Wadi Musa, a remote town in southern Jordan, serves half a million adventurers who pass through annually on their way to see the Byzantine mosaics, Nabatean crypts and ancient temples of Petra. The only town for miles, it’s a landing spot for intrepid travellers keen to see a Wonder of the World, not those looking for a luxe hotel resort vibe. Keep your expectations realistic and check our suggestions for the best places to stay in Petra suited to every budget, as well as some options for authentic (and, yes, rustic) once-in-a-lifetime stays.
The closest place you can stay without actually sleeping in Petra Archaeological Park, Petra Guest House is a motel-meets-hotel, with a few rooms perched on the mountainside. It’s not ultra-luxe, but thanks to the location, it’s a top choice for visitors who want simple accommodations for an early start and don’t mind paying a premium for the location alone. Petra Guest House has a popular bar on premises, the Cave Bar, which, as the name suggests, is in an actual stone cave, complete with outdoor courtyard surrounded by roughly hewn natural rock walls.
While prices may be a bit steep, Mövenpick Petra is a top choice for those willing to pay for a few luxuries like a serene pool area, a gorgeous Arabic-style atrium lobby and bar, and half-a-dozen dining options. Those with a lavish travel budget appreciate the super convenient location just steps from Petra’s entrance, the almost-four-star luxury, and extensive early morning buffet.
Just a five-minute walk uphill from the park gates, Petra Moon is one of the best value spots for travellers looking to stay close to the rose-red city, and has everything you need for a getaway to Petra. Perks include a rooftop bar, newly added roof pool area and reasonable rates – rooms are generally half the price of Mövenpick.

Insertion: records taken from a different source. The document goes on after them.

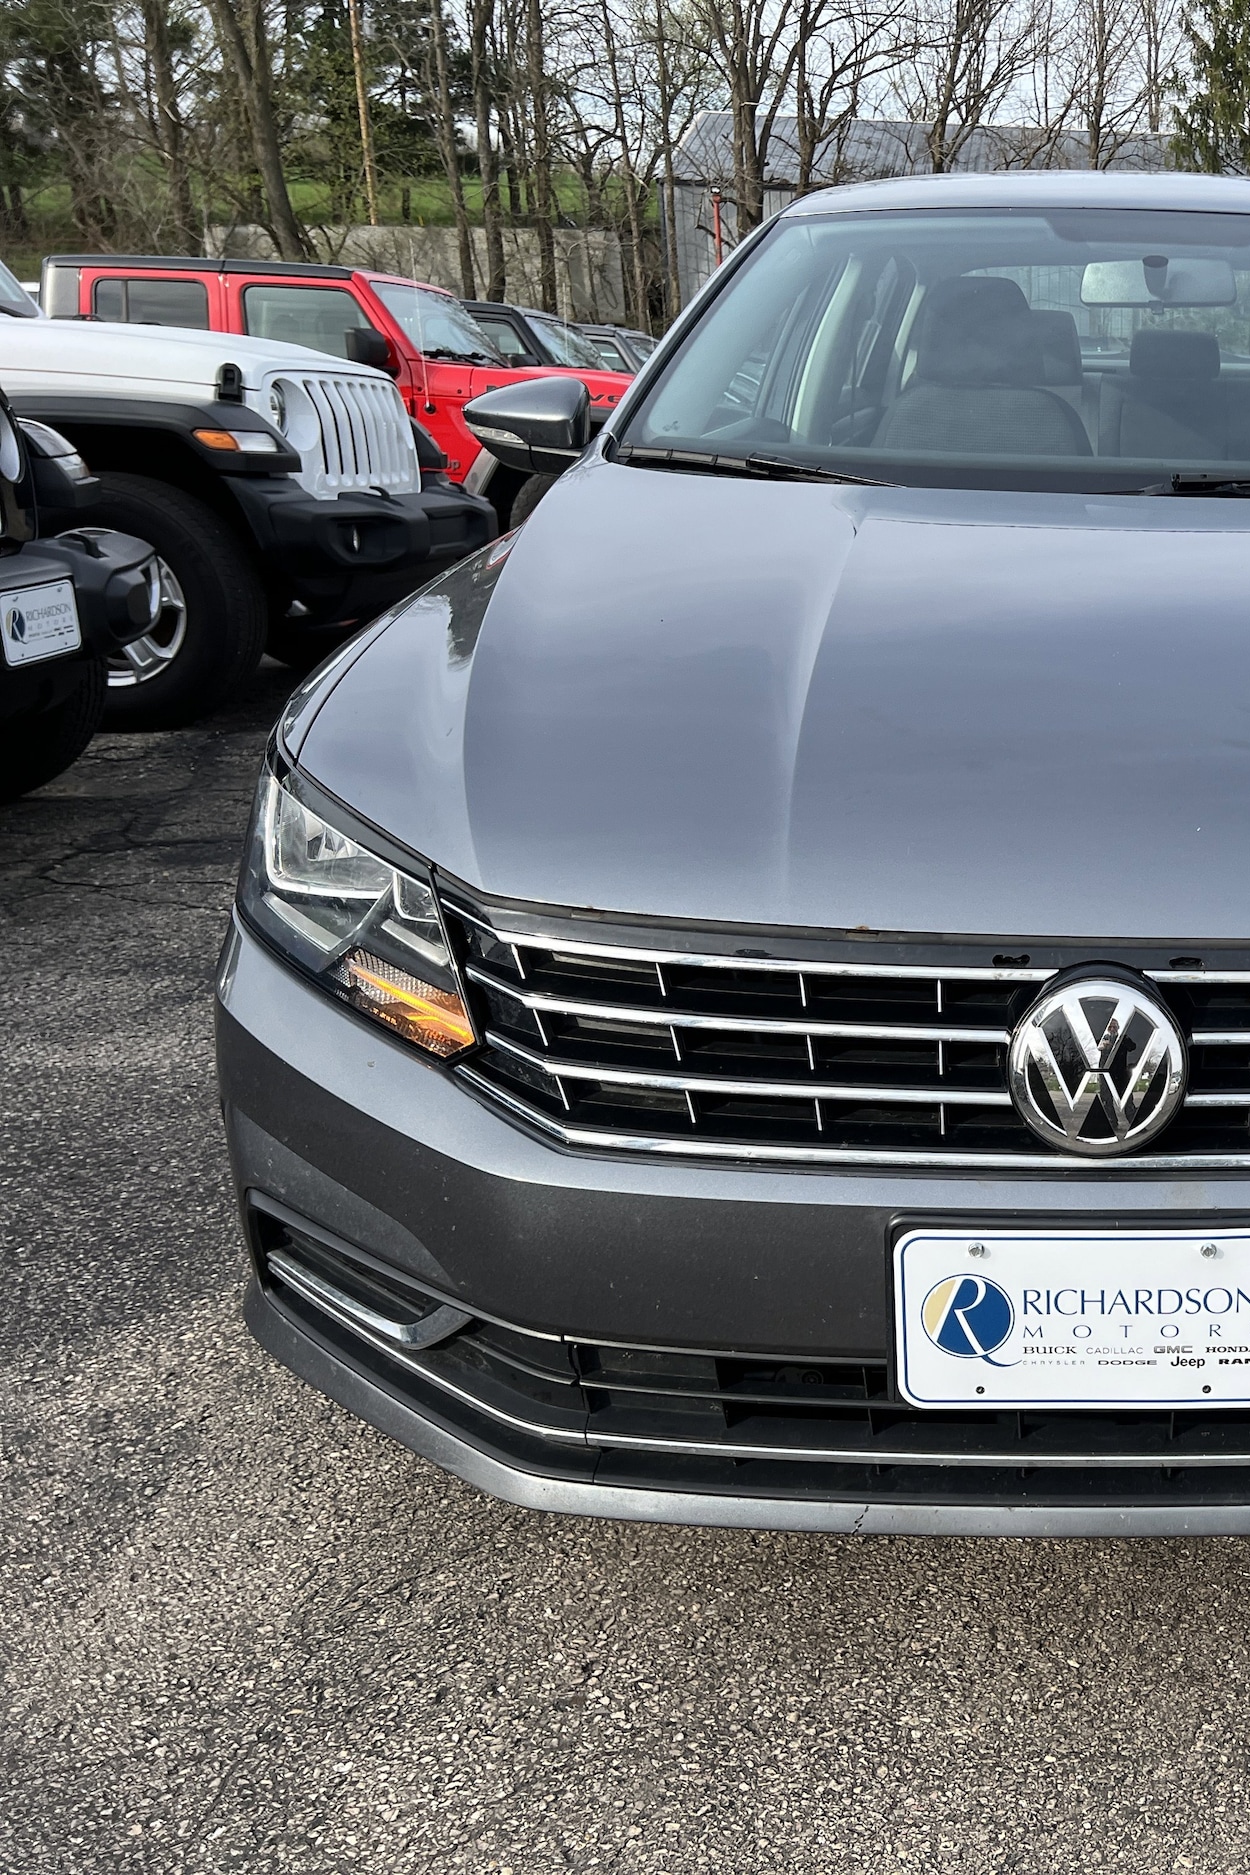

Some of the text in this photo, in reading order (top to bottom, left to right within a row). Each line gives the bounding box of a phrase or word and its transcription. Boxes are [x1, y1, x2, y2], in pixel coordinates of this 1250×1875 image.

[1014, 982, 1183, 1150] VW
[1022, 1345, 1077, 1354] BUICK
[1086, 1346, 1144, 1354] CADILLAC
[1153, 1345, 1193, 1354] GMC
[1170, 1355, 1206, 1369] Jeep

This small family-owned hotel boasts a stunning view of the surrounding mountains (especially at sunset – get a room with a balcony). A favourite among budget travellers, rooms here have small private bathrooms, while the rate includes a traditional Arabic breakfast. It takes about 40 minutes to hike down to Petra’s main gate, but most prefer to take the hotel’s complimentary shuttle, particularly at the end of the day, since the one-and-a-half-mile (2.3km) uphill walk can be daunting after a full day of hiking Petra.

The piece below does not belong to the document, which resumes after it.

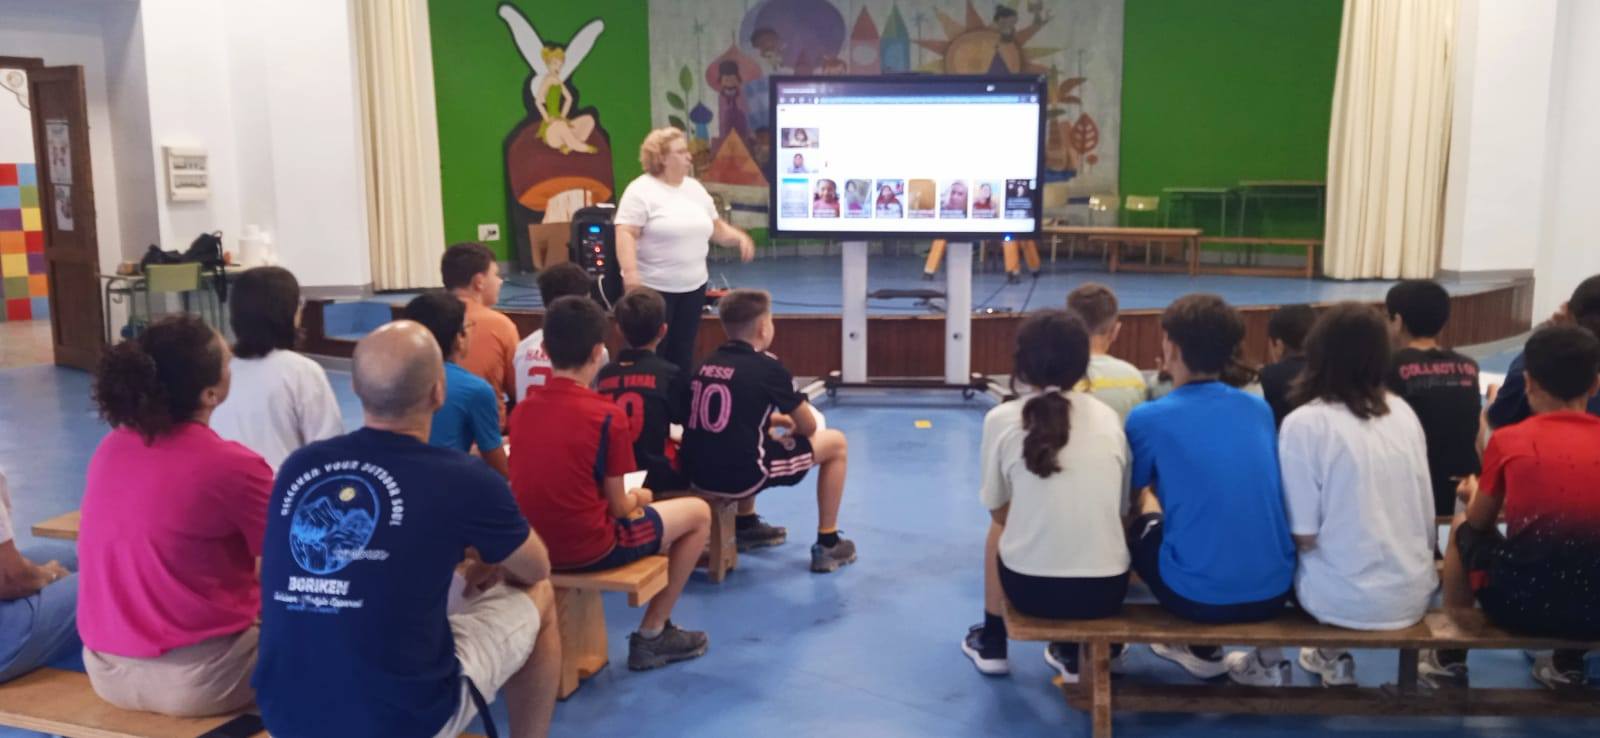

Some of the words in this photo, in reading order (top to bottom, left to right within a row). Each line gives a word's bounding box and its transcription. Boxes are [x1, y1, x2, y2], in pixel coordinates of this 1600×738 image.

Perched on a quiet hilltop, away from the bustle of Wadi Musa’s Tourist Street, this older Marriott property is known for beautiful views from the pool terrace, particularly at sunrise. Get pampered at the Turkish hammam spa, enjoy tea in the Arabic-style inner atrium, or have dinner and smoke some argeeleh in a traditional Bedouin tent. The location is just far enough from town to be peaceful, while still only an eight- to ten-minute drive to the park.
Stay among ruins in stone bungalows at The Old Village Hotel & Resort (formerly Bait Zaman), an idyllic property on the outskirts of Wadi Musa, just a a ten-minute drive from Petra’s main entrance. This quiet location is worth the splurge if you want distinctly (and tasteful) Jordanian accommodation with a deep sense of history, but with all the modern conveniences. This well-maintained historic property overlooking the Sharah mountains also features two year-round pools (one indoor, one outdoor).
Try Seven Wonders Bedouin Camp for a traditional desert camping experience, complete with communal bathrooms, campfire dinner with live Arabic music and limited hot water and electricity (showers and electricity are available from 6pm – 11pm). Staying in the traditional goat hair tents, either private or communal, is a delightful way to connect with the traditions of the region. If you’re not entering the park the adventurous way, through nearby Little Petra (see day two of the ’48 hours in Petra’ guide), getting to the main park entrance will take 12-15 minutes by car.
Even though Petra’s main gates are 15 – 20 minutes away by car, this hotel built from the remains of Taybeh, a 19th-century Bedouin village, is worth the commute. Though it joined the modern Hyatt hotel family in 2018, this is a property that feels firmly rooted in history. Petra Hyatt Zaman is built from ancient local stone and boasts panoramic views of the Sharah Mountains, plus a basic gym, a traditional hammam, and an outdoor pool.
There are no hotels in Petra proper, but many families from the local tribe, the Bdoul Bedouin, still live in and near the park. While visitors are not allowed to stay overnight unaccompanied in Petra, you can book a traditional Bedouin cave stay via Airbnb. Most hosts offer a full traditional experience including dinner cooked over an open fire, the option of sleeping under the stars, as well as transportation back to the park entrance in the morning. These are actual caves, so think of it as camping – no running water, no electricity, but amazing stories to tell when you return home.